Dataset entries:

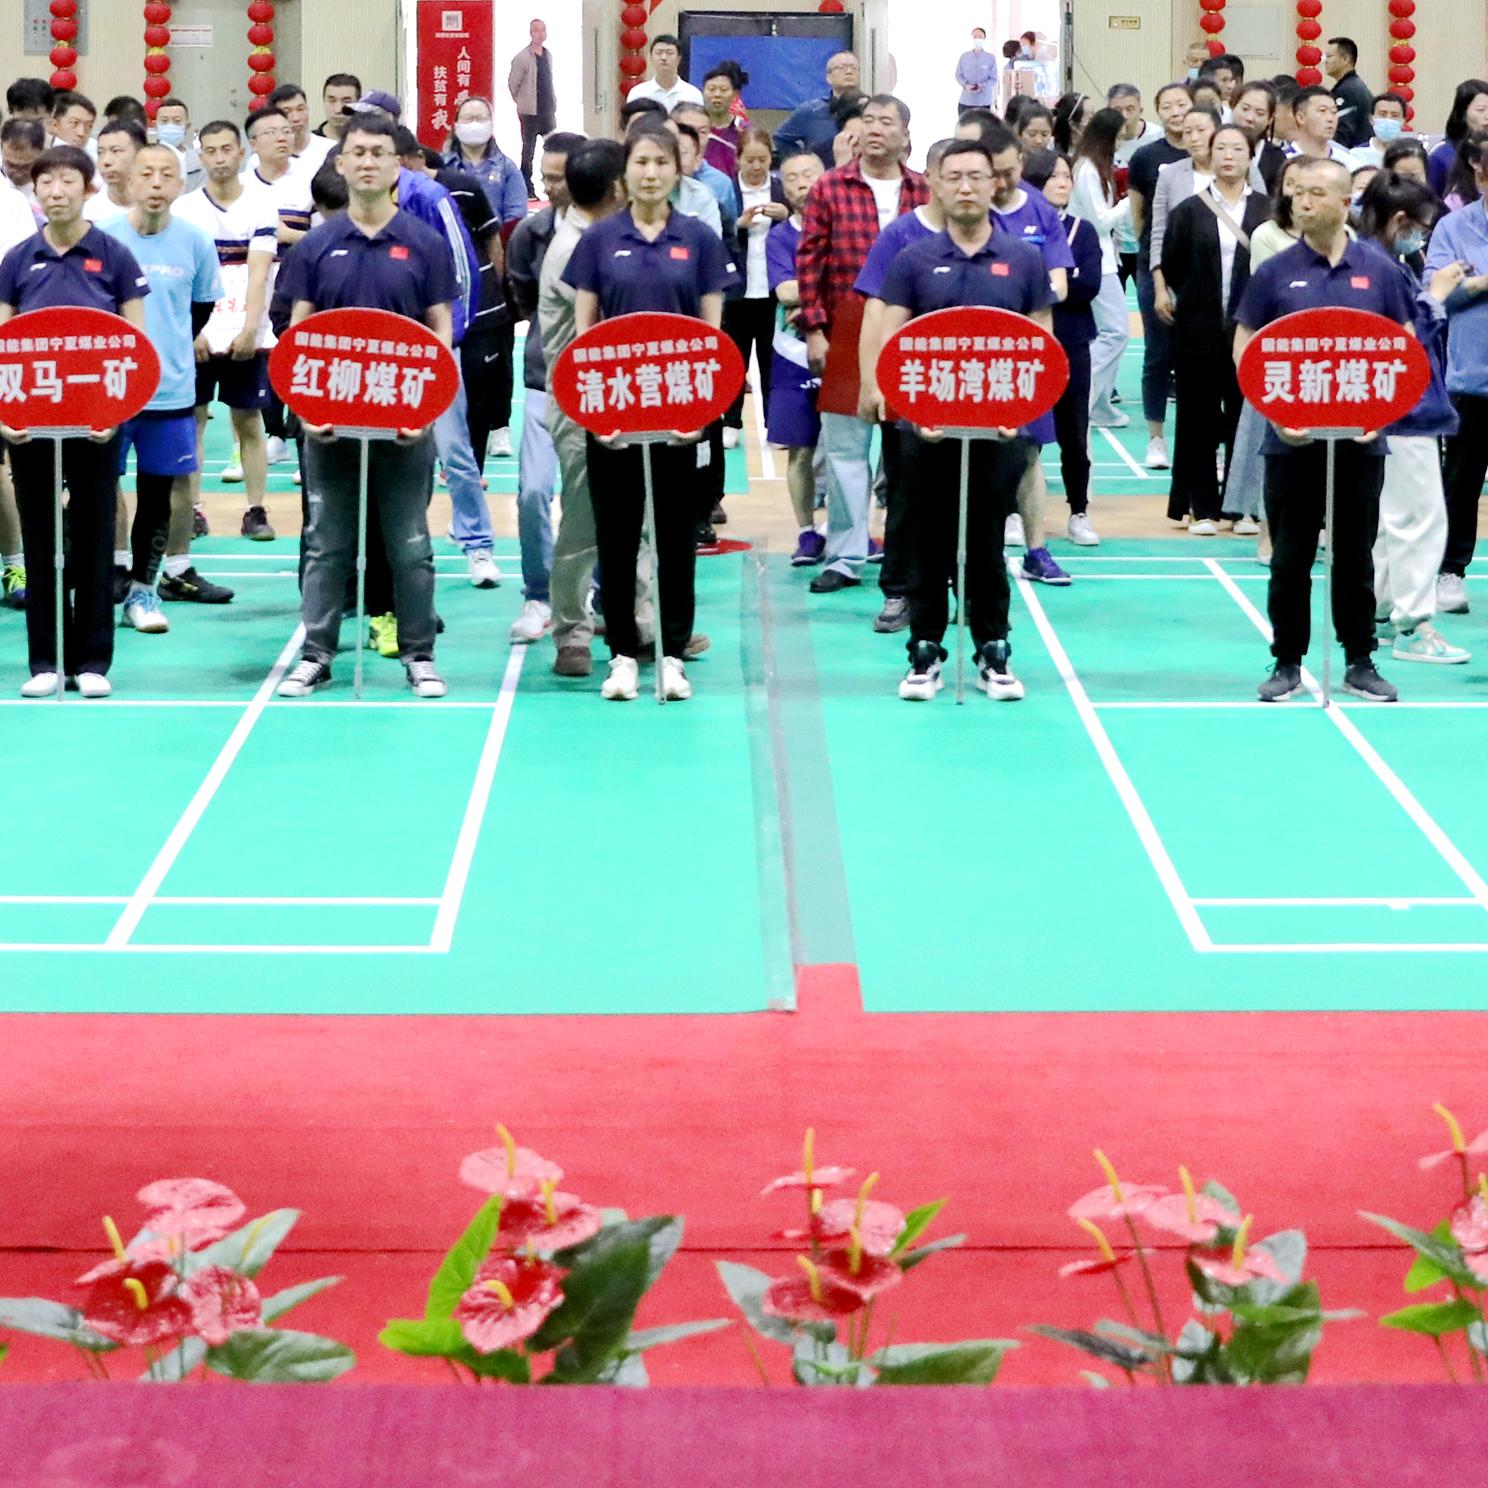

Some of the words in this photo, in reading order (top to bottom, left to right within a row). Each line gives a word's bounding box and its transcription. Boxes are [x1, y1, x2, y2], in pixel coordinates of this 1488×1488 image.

[290, 353, 436, 409] 红柳煤矿
[576, 358, 721, 414] 清水营煤矿
[898, 358, 1045, 403] 羊场湾煤矿
[1262, 358, 1408, 404] 灵新煤矿

**TASK BRIEF**.
Leave out the pictures and return every record word for word.

**RESPONSE BELOW**.
Some of the words in this photo, in reading order (top to bottom, left to right within a row). Each line gives a word's bounding box and its transcription. Boxes are [x1, y1, x2, y2], in pixel coordinates of this 1488×1488 image.

[290, 353, 436, 409] 红柳煤矿
[576, 358, 721, 414] 清水营煤矿
[898, 358, 1045, 403] 羊场湾煤矿
[1262, 358, 1408, 404] 灵新煤矿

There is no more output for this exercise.